With your remaining list, look now at inventory by individual warehouse. Again,
recalculate dollars and days' supply based just on demand for that SKU at that warehouse. Is there far too much in one warehouse while there's far too little in another? If so, consider the cost of relocating the inventory vs. that of making more for the under-stocked warehouse. If the costs are right, rebalance the stocks (at least within your model model) before continuing.
Step 8: "First, Do No Harm."
Take a leaf from the Hippocratic Oath: the easiest way to reduce excess inventory is to stop buying / making more of it and let sales bring the inventory down. Check your rebalanced list against production schedules / plans to ensure you're not making or planning to make more of already over-stocked materials. Alter plans or schedules accordingly, and update future inventory projections.
Step 9: Evaluate alternate ways of moving / selling inventory.
You have now rebalanced the inventory within your warehouses, but you still may find excesses that can not be bought down to reasonable levels within an acceptable time period. For these SKUs, consider whether there are other ways to move the material:
Can the material be converted into another which does have demand? Offer a promotion. Turn an inventory problem into a marketing opportunity by offering your best customers a slightly reduced rate if they take double their normal monthly amount. It is true that this will surely move demand from one month to another, but if the need to bring down working capital is great enough, this can still be a viable option.
Can an excess SKU be repackaged economically into a needed SKU (say, bags to boxes or vice versa)? Better yet, can customers be enticed to take their second choice (ie, the original) package?
Can this material be substituted for another, even if the material to be substituted for sells for a somewhat higher price?

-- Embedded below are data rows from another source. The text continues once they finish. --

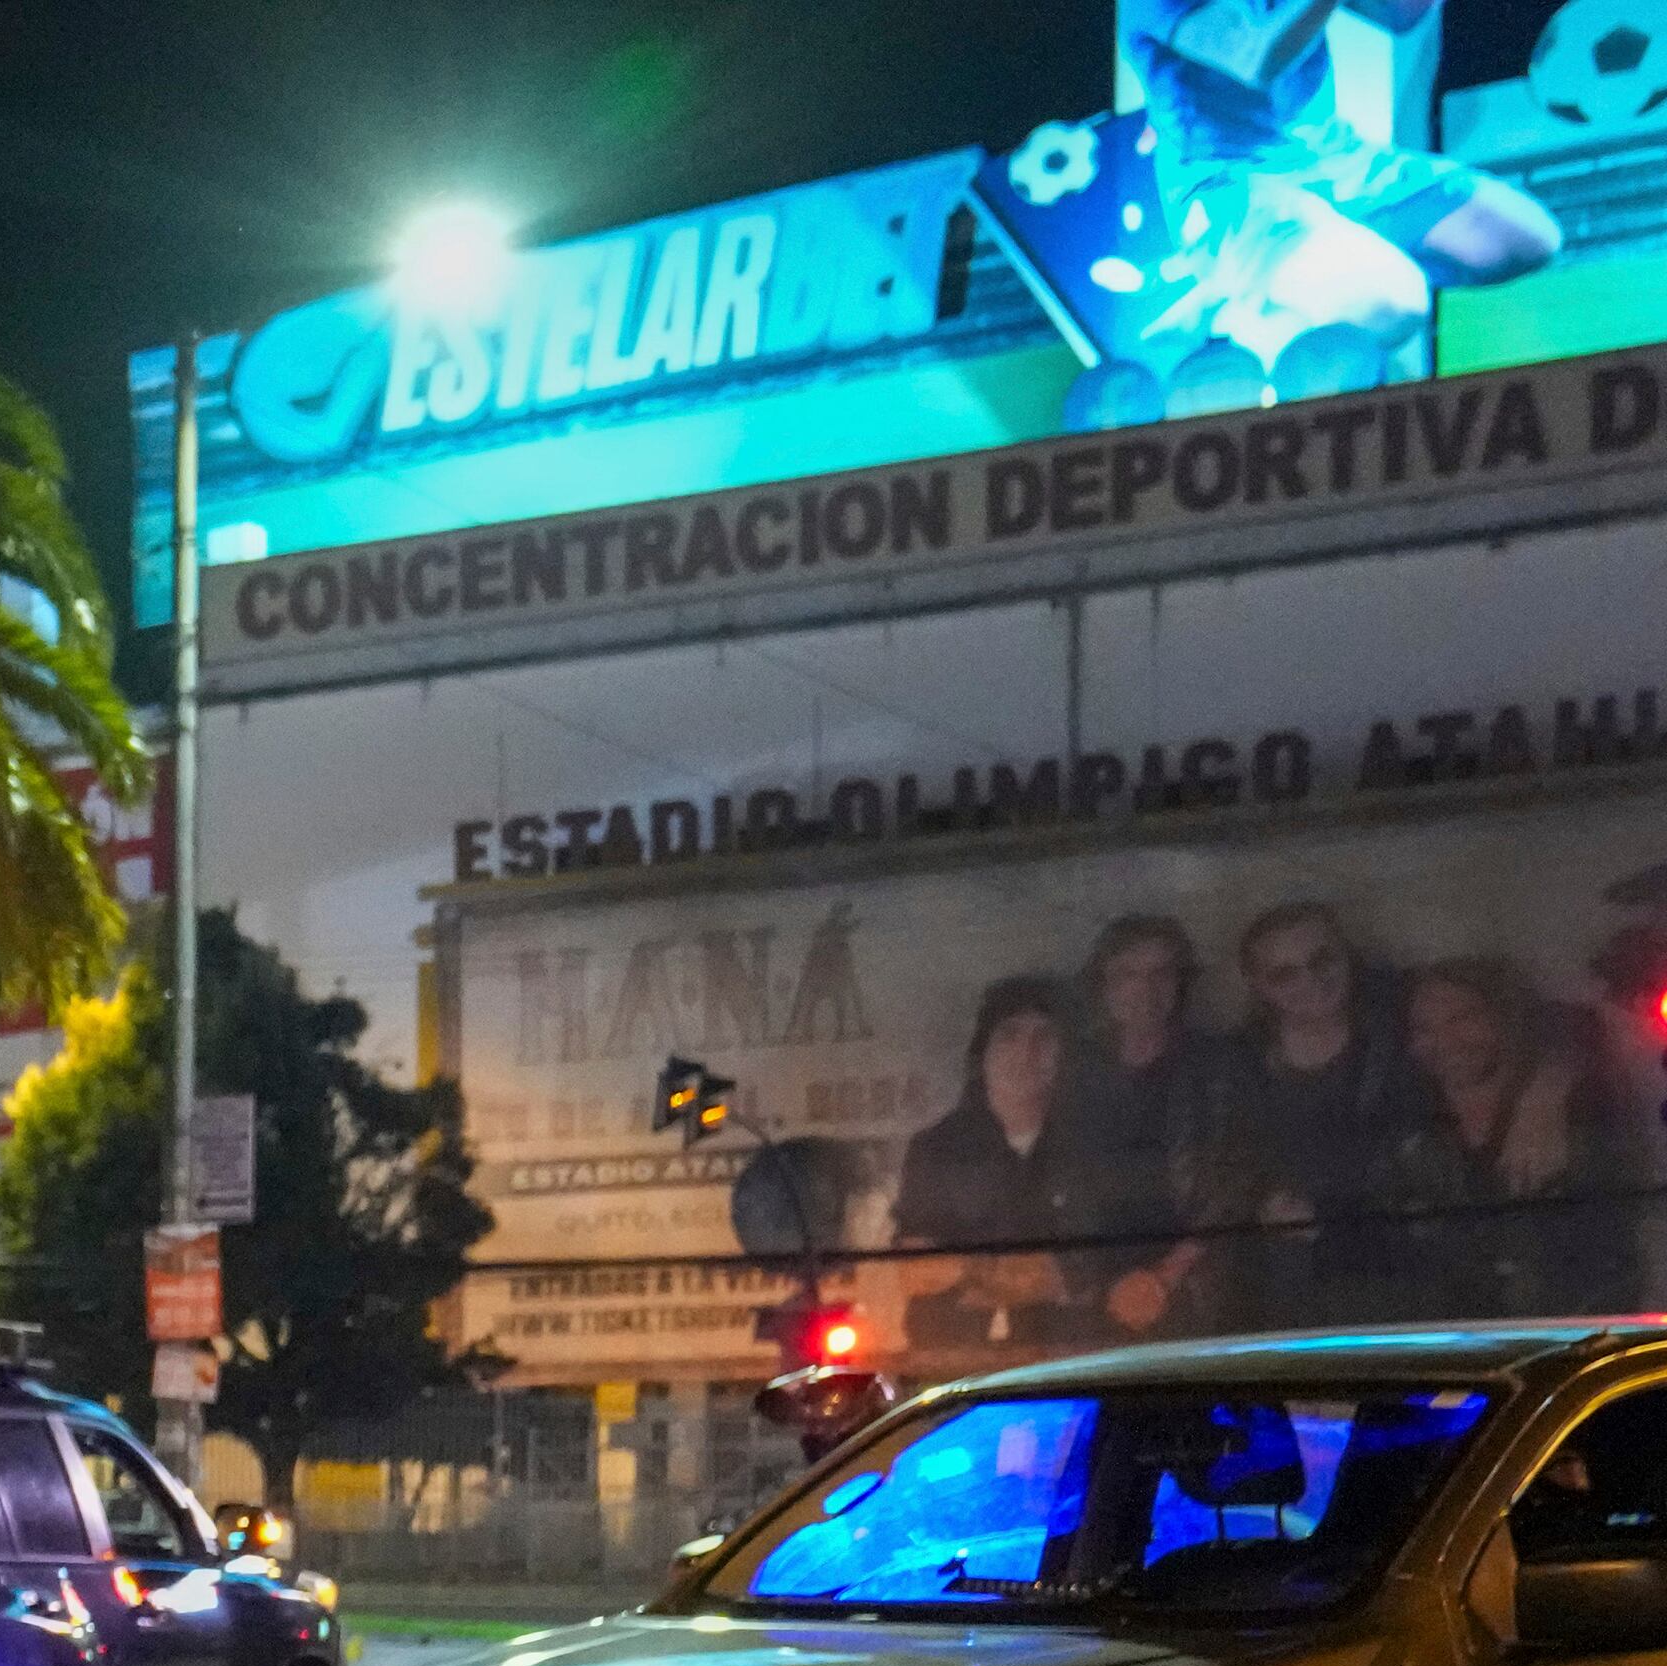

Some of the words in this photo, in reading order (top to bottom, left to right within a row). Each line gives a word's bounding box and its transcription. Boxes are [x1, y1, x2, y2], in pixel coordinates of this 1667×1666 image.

[233, 470, 951, 640] CONCENTRACION
[984, 380, 1549, 542] DEPORTIVA
[510, 1158, 655, 1191] ESTADIO
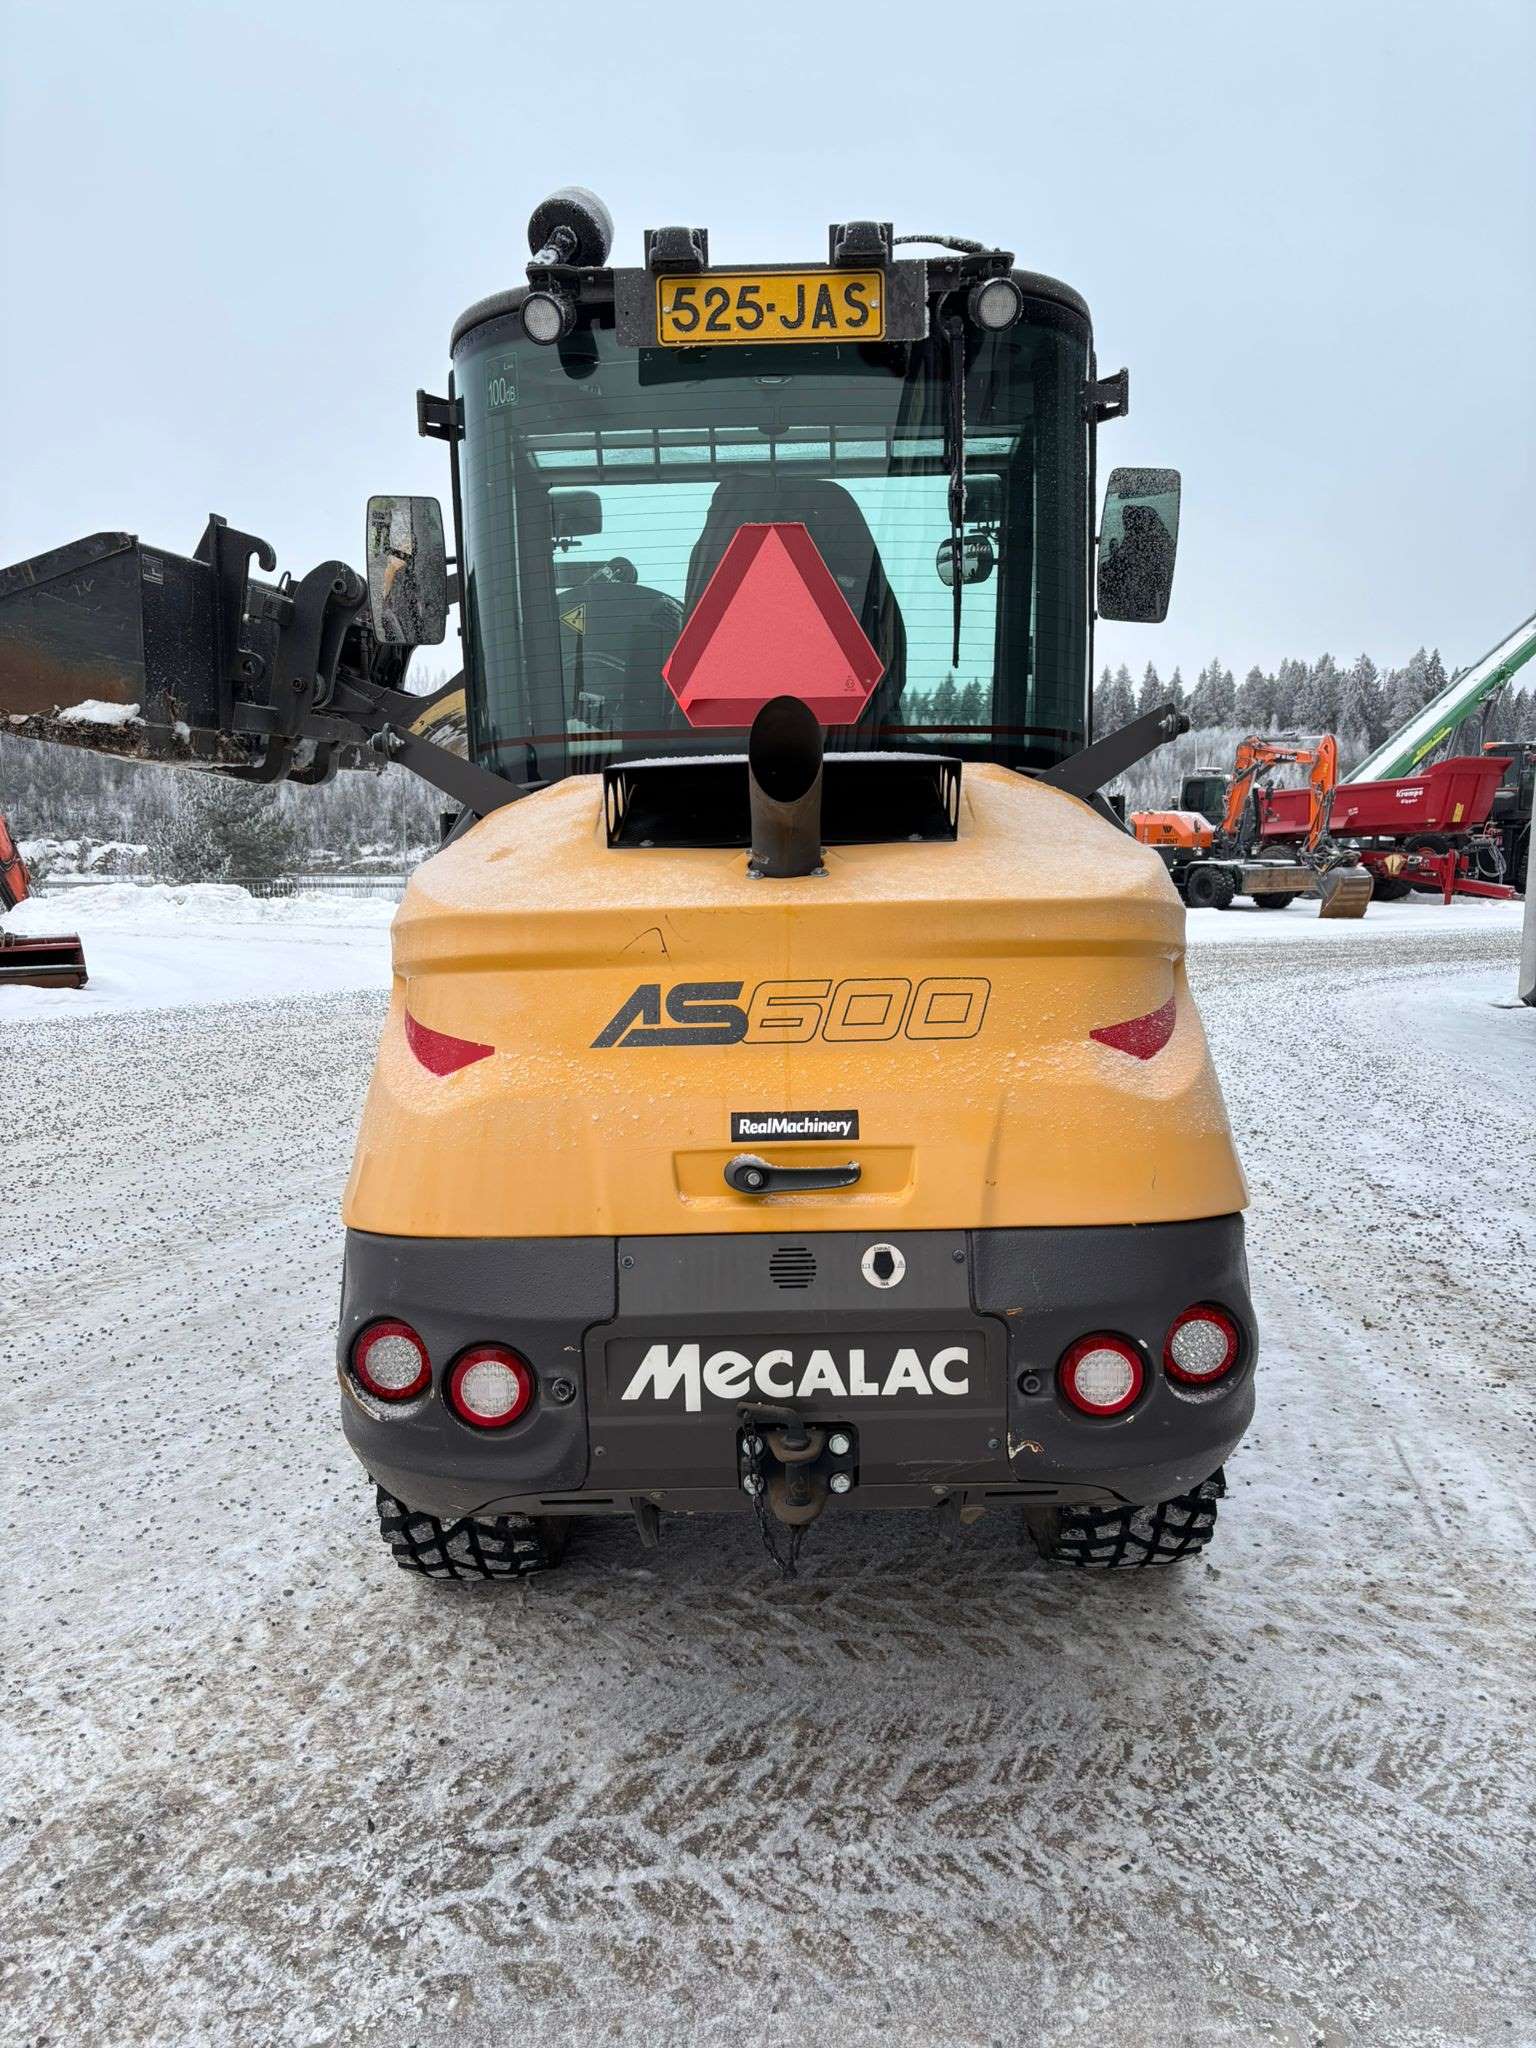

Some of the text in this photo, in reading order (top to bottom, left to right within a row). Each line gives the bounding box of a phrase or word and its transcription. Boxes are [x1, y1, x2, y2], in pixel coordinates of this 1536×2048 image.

[671, 282, 869, 332] 525-JAS
[589, 977, 991, 1049] AS600
[739, 1117, 852, 1136] RealMachinery

Can an opportunistic market be found for the excess material? Businesses sometimes remove their brand name from material, repackage it in plain brown bags, and give it a generic name for sales into a region far different from their prime customers.
Is this a material (often a raw material) for which a swap can be arranged with your competitors for another material for which your supply is short, or for which your supply and your need are in different regions of the world?
All such possibilities must of course be measured for cost / benefit tradeoffs, including the message you may inadvertently be sending to the marketplace.
Nonetheless, knowing where your excesses are provides options for what to do about them that the uninitiated can not even examine.
Step 10: Make the Ultimate "Sacrifice."
If, after analyzing all the possibilities above, you still have certain inventories vastly in excess, you may have to consider just writing them off. "Vastly in excess" will vary by business and by how critical it is that your working capital reach a certain target by a certain time. Inventory can not be managed in a vacuum, because writing off inventory means a hit on earnings. If it must be done, it is best done at the beginning of a quarter, so that the earnings impact will be seen in time for the business to do whatever it thinks appropriate to try to offset that loss. No one wants to scrap "good" inventory, so the most important lesson is not to allow yourself to get into this position again.